The reply is to be an exact repetition of the entries that follow, with each picture left out.

*** Data records Section Begins ***

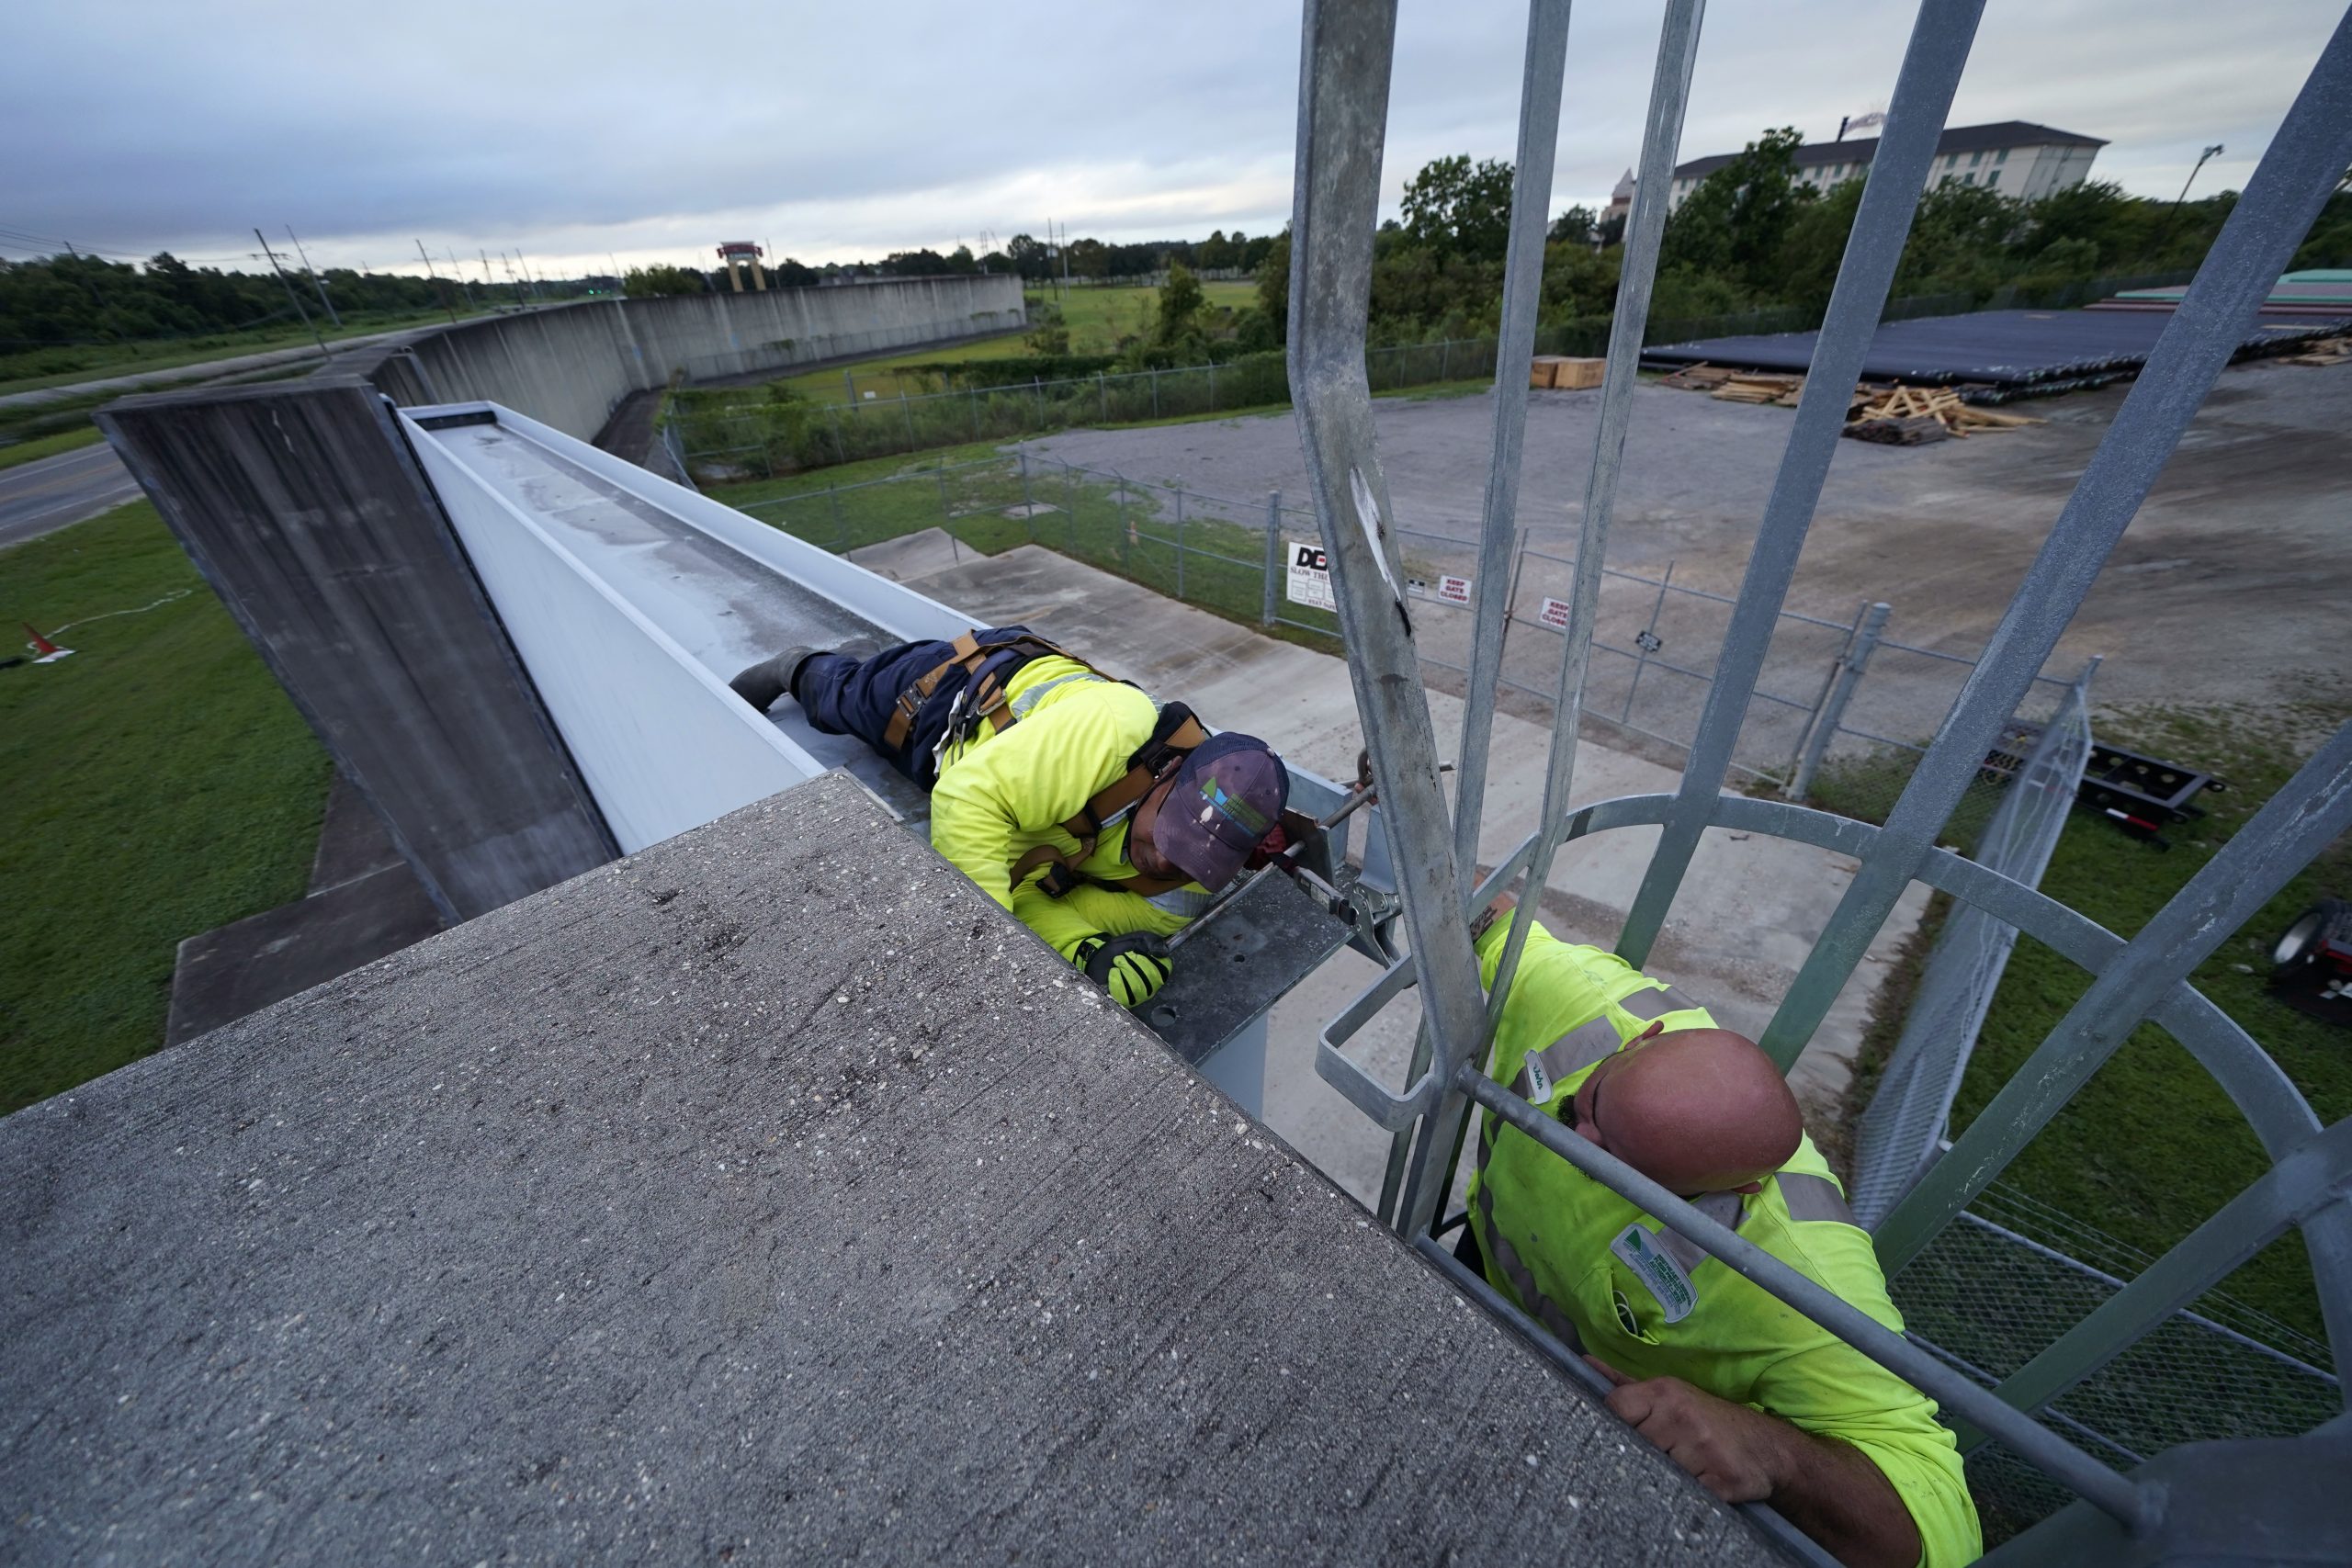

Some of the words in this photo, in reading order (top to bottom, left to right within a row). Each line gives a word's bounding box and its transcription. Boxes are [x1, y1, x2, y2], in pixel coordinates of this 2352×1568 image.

[1290, 566, 1310, 576] SLOW
[1445, 585, 1464, 593] GATE
[1440, 591, 1467, 601] CLOSED
[1533, 1066, 1544, 1090] John

*** Data records Section Ends ***

▶ **Solved exercise**:
Some of the words in this photo, in reading order (top to bottom, left to right within a row). Each line gives a word's bounding box and its transcription. Boxes are [x1, y1, x2, y2], in pixel coordinates of this 2352×1568 image.

[1290, 566, 1310, 576] SLOW
[1445, 585, 1464, 593] GATE
[1440, 591, 1467, 601] CLOSED
[1533, 1066, 1544, 1090] John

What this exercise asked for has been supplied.